UI study identifies brain protein that contributes to learning and memory in mice

Research by University of Iowa scientists is shedding new light on the molecular basis of learning and memory. In addition to improving understanding of these vital brain functions, the findings also may point the way to medications for treating memory disorders or even suggest pharmacological targets to reduce brain damage caused by stroke and seizures. The UI study is reported in the April 25 issue of the journal Neuron.

Using a genetically engineered mouse, the UI team has shown that an acid-activated protein found in brain cells is responsible for acid-generated currents in the brain, and that these currents play a role in processes responsible for learning and memory. Mice that lack the protein known as acid sensing ion channel (ASIC) have a variety of learning impairments, including difficulty with spatial learning, such as remembering where something is located.

Scientists have known for more than 20 years that brain cells (neurons) exposed to acid become excited and generate an electrical current. Although these observations indicated that some type of channel protein was probably responsible for the current, the molecular identity of the channel remained a mystery. Without knowing the identity of the channel, researchers have not been able to investigate why the currents might be important for brain function.

In recent years, a small number of channel proteins, including ASIC, have been shown to be activated by acid. The UI team reasoned that one or several of these newly identified genes might be the mystery acid-gated channel protein.

"Our studies show that ASIC is one molecule that is responsible for acid-activated currents in neurons," said John Wemmie, M.D., Ph.D., UI assistant professor of psychiatry and lead author of the study. "This also is the first time anyone has shown that this channel could be involved in learning. These results extend our understanding of the molecules that make learning possible."

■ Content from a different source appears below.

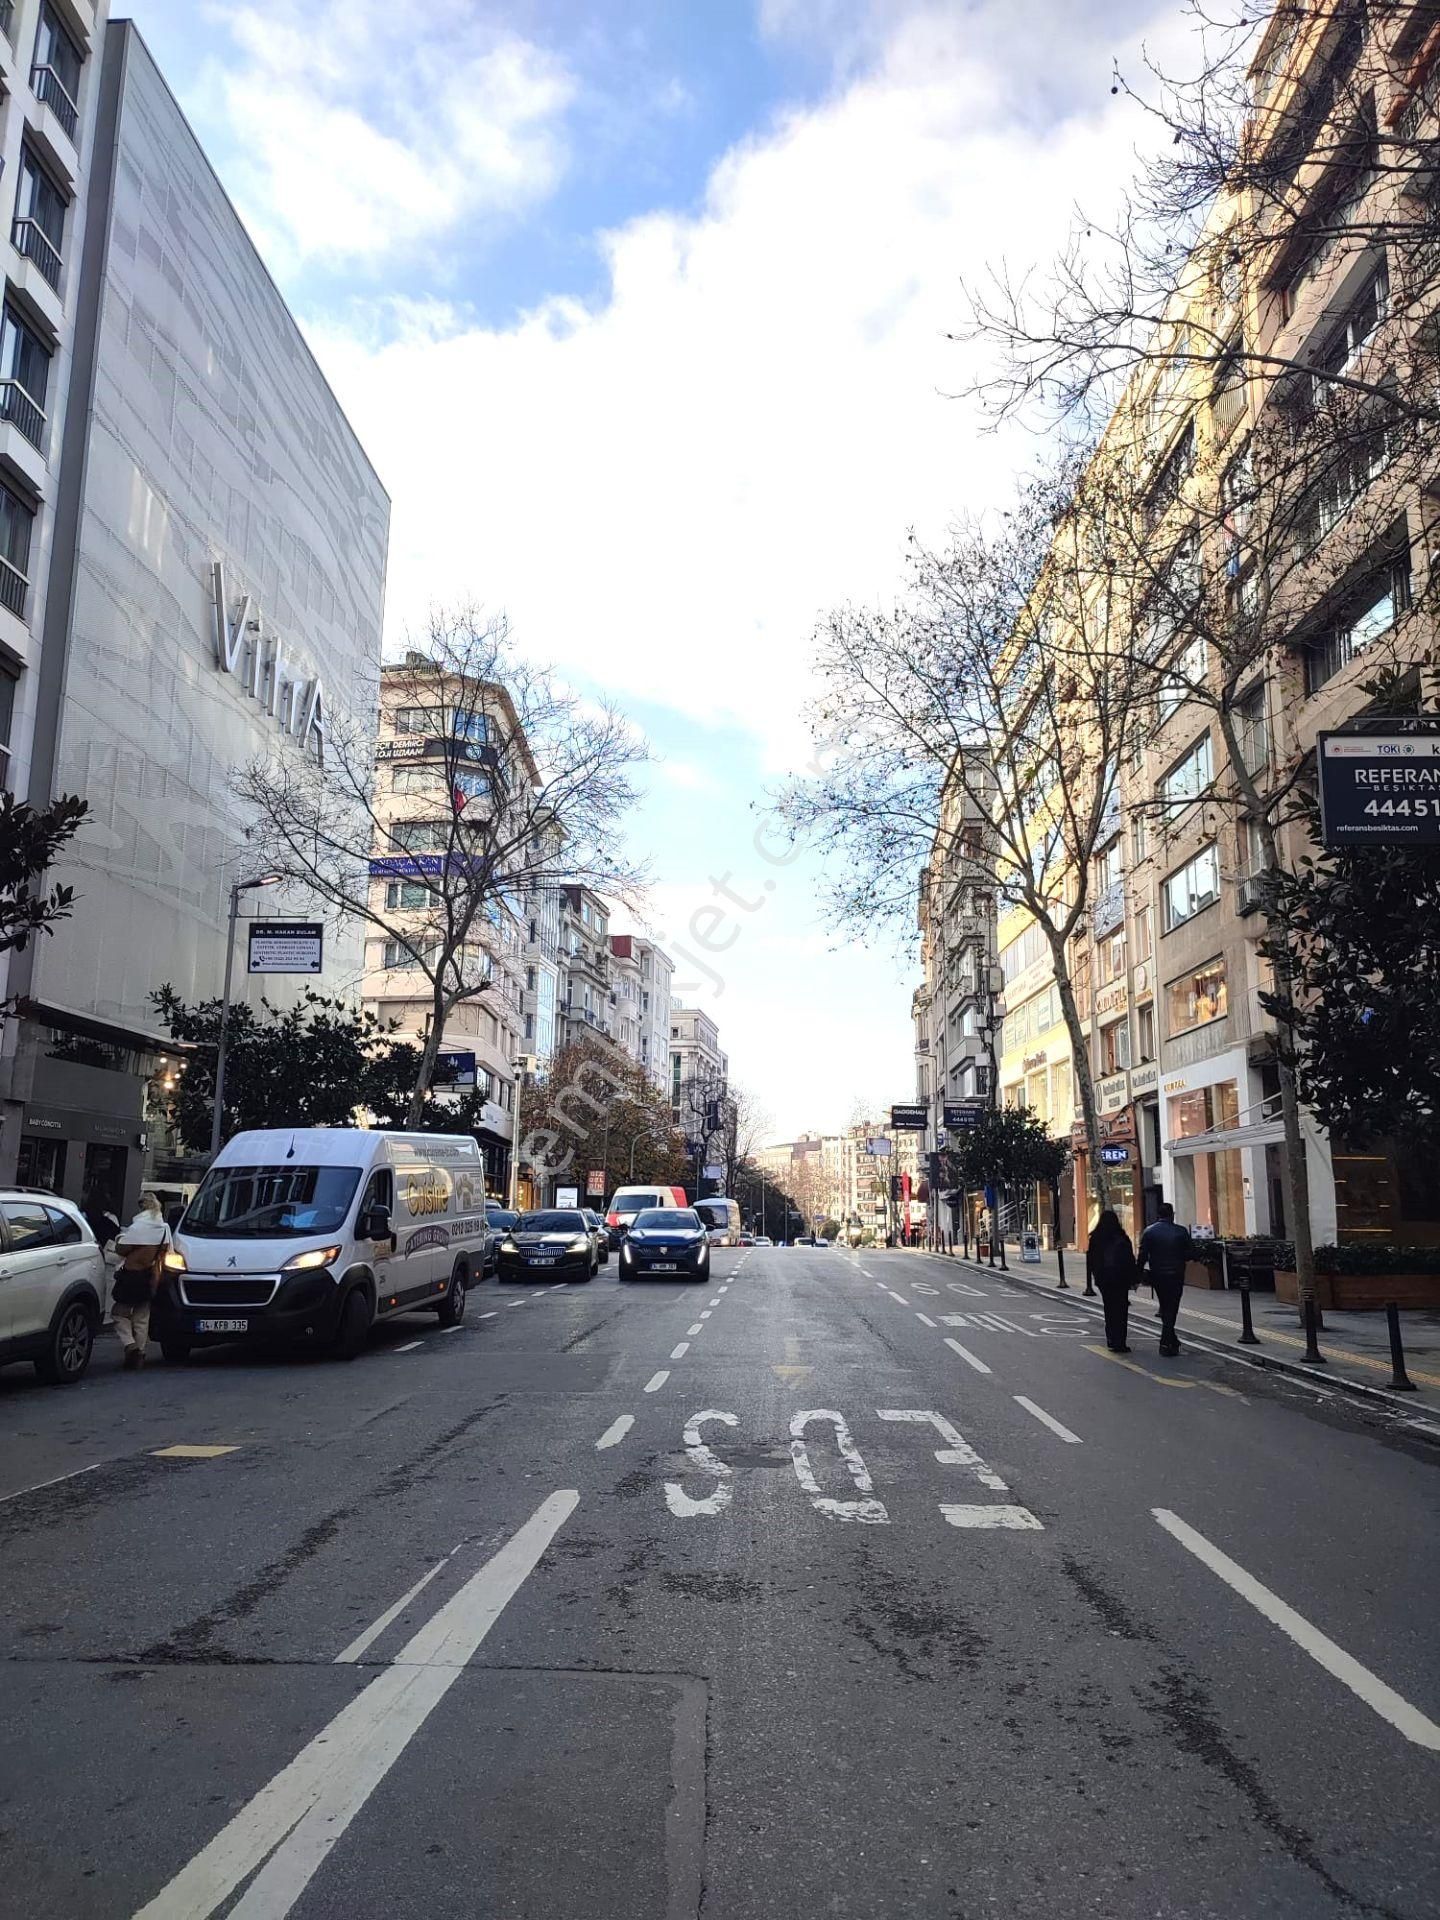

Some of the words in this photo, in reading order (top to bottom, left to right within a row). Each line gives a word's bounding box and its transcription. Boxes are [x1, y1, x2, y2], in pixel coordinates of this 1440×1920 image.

[1336, 824, 1419, 832] referansbesiktas.com
[407, 1174, 449, 1217] Cuisine
[232, 1320, 247, 1330] 335

The researchers found that mice without the ASIC protein had no acid-gated currents in their neurons. Despite this complete loss of channel function, the mice looked normal.

"In many ways these animals behave and appear normal, so we were hard-pressed to figure out what these channels do," said Wemmie, who also is a staff physician at the Veterans Affairs Medical Center in Iowa City. "It was not until we started to look at learning and memory and also at synaptic function in brain samples that we noted a significant problem in the way these animals learned."

The researchers found that the ASIC protein is expressed in the hippocampus, an area of the brain involved in learning and memory. In particular, the protein is located at the synapses, where communication between brain cells occurs. Chemicals called neurotransmitters carry signals across the synaptic cleft between neighboring brain cells. Heavy usage of a synapse by repeated communication between its two neurons strengthens the connection, and strengthening of synapses is one process thought to underlie learning and memory.

"The way that synapses change over time and become stronger through frequent use is also known as long-term potentiation," Wemmie explained. "This phenomenon is impaired in the mice that lack the ASIC protein."

The mice showed significant learning and memory deficits as compared to normal mice. However, the researchers found that the spatial learning deficits could be reversed with intensive training.

"The most exciting thing about our mice is that rather than a dramatic effect, there is a subtle disruption of learning and memory function," Wemmie said. "The ASIC protein might offer a nice target for medications to improve memory without grossly affecting brain function. Alternatively, blocking its action could suppress memory. Damping down memory might be useful for treating certain psychiatric illnesses such as post-traumatic stress disorder."

In addition to its role in memory and learning, ASIC also may be involved in brain damage caused by strokes and seizures. During stroke and seizure, acid levels in brain tissue increase for a short period of time. This increased acidity has been implicated in brain damage associated with these diseases. The acid levels also may activate ASIC channels.

Although the researchers have not yet tested the hypothesis, Wemmie speculated that activation of ASIC by acid produced during a stroke or seizure might contribute to brain damage associated with those diseases.

Wemmie added that he and his colleagues plan to investigate this theory and to continue their studies to determine the precise role of the ASIC channel in brain function.

In addition to Wemmie, the UI researchers involved in the study included Michael Welsh, M.D., the Roy J. Carver Chair in Physiology and Biophysics, professor of internal medicine and physiology and biophysics, and a Howard Hughes Medical Institute (HHMI) investigator; Jianguo Chen, Ph.D., postdoctoral associate in physiology and biophysics, and pharmacology; Candice Askwith, Ph.D., and Alesia Hruska-Hageman, Ph.D., both postdoctoral associates in internal medicine and HHMI associates; Margaret Price, Ph.D., assistant research scientist in internal medicine; Brian Nolan, graduate student in psychology; Patrick Yoder, pharmacy student; Ejvis Lamani, research assistant in psychiatry; and John Freeman, Ph.D., assistant professor of psychology. Toshinori Hoshi, Ph.D., a former UI faculty member now in the department of physiology at the University of Pennsylvania also was part of the research team.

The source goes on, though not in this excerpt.